**Aim of the task**. Return each line of the records with nothing changed, pictures excepted.

++++++++++

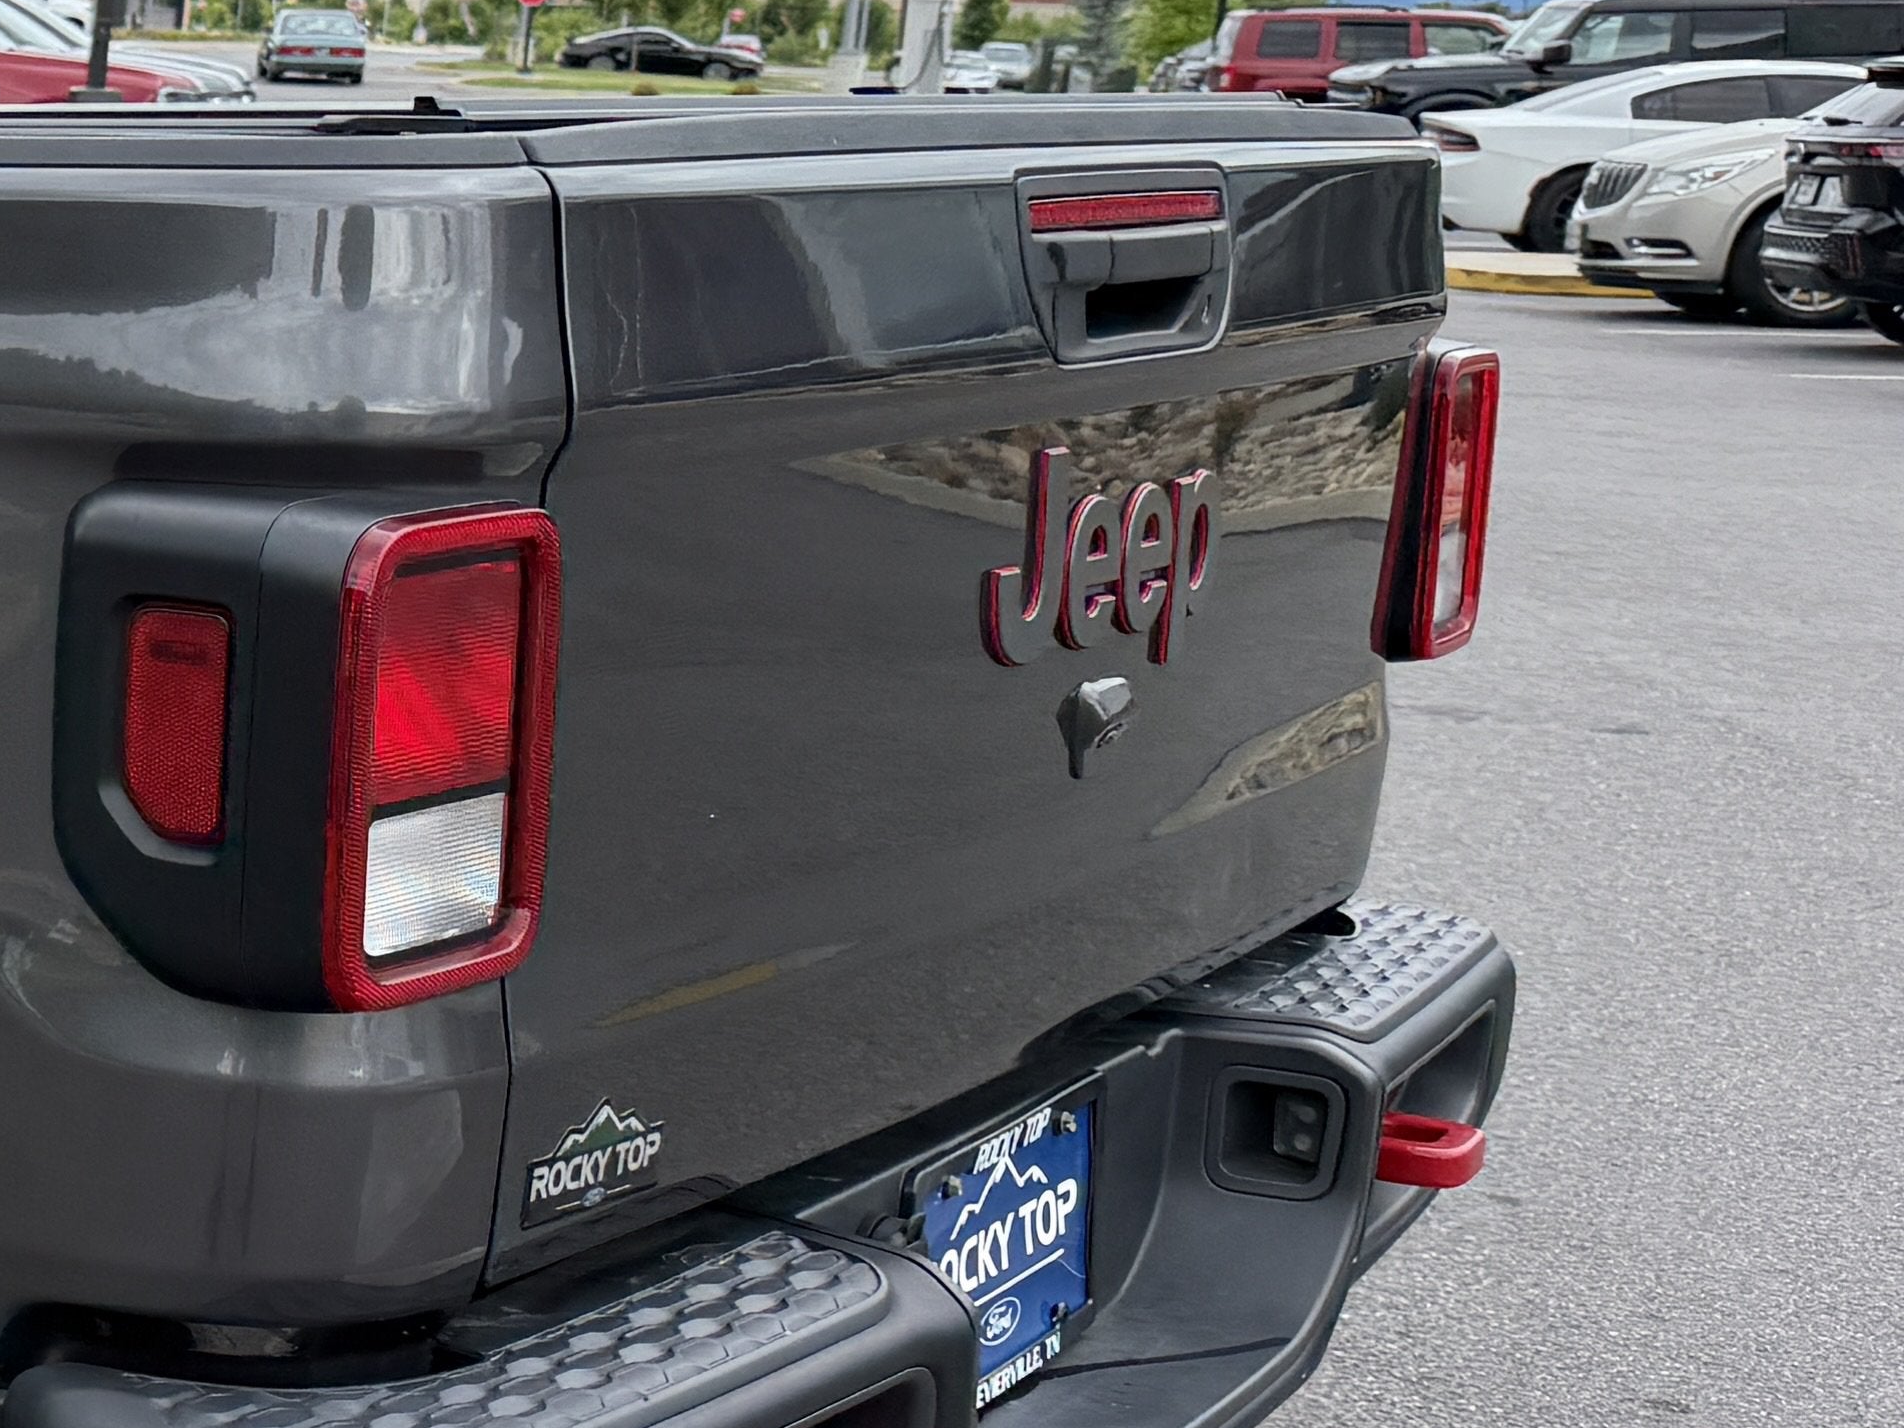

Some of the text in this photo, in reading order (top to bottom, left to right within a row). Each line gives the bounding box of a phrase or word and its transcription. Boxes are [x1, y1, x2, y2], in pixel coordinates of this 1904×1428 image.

[979, 446, 1221, 667] Jeep
[530, 1145, 613, 1202] ROCKY
[616, 1132, 662, 1176] TOP
[973, 1107, 1052, 1175] ROCKY TOP
[933, 1178, 1078, 1293] OCKY TOP

++++++++++

**Final answer**.
Some of the text in this photo, in reading order (top to bottom, left to right within a row). Each line gives the bounding box of a phrase or word and its transcription. Boxes are [x1, y1, x2, y2], in pixel coordinates of this 1904×1428 image.

[979, 446, 1221, 667] Jeep
[530, 1145, 613, 1202] ROCKY
[616, 1132, 662, 1176] TOP
[973, 1107, 1052, 1175] ROCKY TOP
[933, 1178, 1078, 1293] OCKY TOP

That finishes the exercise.